**Data for processing:**
»»
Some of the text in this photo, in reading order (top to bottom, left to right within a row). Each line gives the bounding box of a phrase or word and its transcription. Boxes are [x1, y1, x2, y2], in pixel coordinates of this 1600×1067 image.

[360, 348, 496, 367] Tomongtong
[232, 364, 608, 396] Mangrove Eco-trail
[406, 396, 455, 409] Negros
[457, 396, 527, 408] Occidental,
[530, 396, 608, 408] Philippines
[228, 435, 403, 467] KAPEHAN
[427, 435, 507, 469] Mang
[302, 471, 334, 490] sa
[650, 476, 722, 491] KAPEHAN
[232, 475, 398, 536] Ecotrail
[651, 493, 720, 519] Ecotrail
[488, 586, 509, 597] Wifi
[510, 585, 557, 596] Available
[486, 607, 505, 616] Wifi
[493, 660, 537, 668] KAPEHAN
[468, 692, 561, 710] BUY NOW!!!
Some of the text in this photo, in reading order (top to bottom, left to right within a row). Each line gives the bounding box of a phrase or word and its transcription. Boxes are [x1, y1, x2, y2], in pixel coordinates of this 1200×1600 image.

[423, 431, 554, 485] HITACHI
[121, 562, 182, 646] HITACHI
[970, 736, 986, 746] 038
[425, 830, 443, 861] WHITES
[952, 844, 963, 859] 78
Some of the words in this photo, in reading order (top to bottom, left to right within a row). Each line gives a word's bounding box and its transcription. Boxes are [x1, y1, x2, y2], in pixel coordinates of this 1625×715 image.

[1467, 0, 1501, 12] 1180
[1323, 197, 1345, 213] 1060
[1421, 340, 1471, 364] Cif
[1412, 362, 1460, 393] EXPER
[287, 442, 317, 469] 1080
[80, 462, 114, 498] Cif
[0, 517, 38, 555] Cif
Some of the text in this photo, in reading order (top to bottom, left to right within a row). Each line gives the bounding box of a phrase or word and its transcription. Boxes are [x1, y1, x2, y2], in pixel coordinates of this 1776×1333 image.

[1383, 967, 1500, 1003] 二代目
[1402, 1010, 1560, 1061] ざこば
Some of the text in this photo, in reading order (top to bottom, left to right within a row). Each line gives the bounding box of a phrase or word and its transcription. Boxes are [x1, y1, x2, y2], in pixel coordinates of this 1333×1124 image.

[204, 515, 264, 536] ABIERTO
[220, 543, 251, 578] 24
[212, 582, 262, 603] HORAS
««
**Work to be completed:** Print the material exactly. Include every line.

**Result:**
Some of the text in this photo, in reading order (top to bottom, left to right within a row). Each line gives the bounding box of a phrase or word and its transcription. Boxes are [x1, y1, x2, y2], in pixel coordinates of this 1600×1067 image.

[360, 348, 496, 367] Tomongtong
[232, 364, 608, 396] Mangrove Eco-trail
[406, 396, 455, 409] Negros
[457, 396, 527, 408] Occidental,
[530, 396, 608, 408] Philippines
[228, 435, 403, 467] KAPEHAN
[427, 435, 507, 469] Mang
[302, 471, 334, 490] sa
[650, 476, 722, 491] KAPEHAN
[232, 475, 398, 536] Ecotrail
[651, 493, 720, 519] Ecotrail
[488, 586, 509, 597] Wifi
[510, 585, 557, 596] Available
[486, 607, 505, 616] Wifi
[493, 660, 537, 668] KAPEHAN
[468, 692, 561, 710] BUY NOW!!!
Some of the text in this photo, in reading order (top to bottom, left to right within a row). Each line gives the bounding box of a phrase or word and its transcription. Boxes are [x1, y1, x2, y2], in pixel coordinates of this 1200×1600 image.

[423, 431, 554, 485] HITACHI
[121, 562, 182, 646] HITACHI
[970, 736, 986, 746] 038
[425, 830, 443, 861] WHITES
[952, 844, 963, 859] 78
Some of the words in this photo, in reading order (top to bottom, left to right within a row). Each line gives a word's bounding box and its transcription. Boxes are [x1, y1, x2, y2], in pixel coordinates of this 1625×715 image.

[1467, 0, 1501, 12] 1180
[1323, 197, 1345, 213] 1060
[1421, 340, 1471, 364] Cif
[1412, 362, 1460, 393] EXPER
[287, 442, 317, 469] 1080
[80, 462, 114, 498] Cif
[0, 517, 38, 555] Cif
Some of the text in this photo, in reading order (top to bottom, left to right within a row). Each line gives the bounding box of a phrase or word and its transcription. Boxes are [x1, y1, x2, y2], in pixel coordinates of this 1776×1333 image.

[1383, 967, 1500, 1003] 二代目
[1402, 1010, 1560, 1061] ざこば
Some of the text in this photo, in reading order (top to bottom, left to right within a row). Each line gives the bounding box of a phrase or word and its transcription. Boxes are [x1, y1, x2, y2], in pixel coordinates of this 1333×1124 image.

[204, 515, 264, 536] ABIERTO
[220, 543, 251, 578] 24
[212, 582, 262, 603] HORAS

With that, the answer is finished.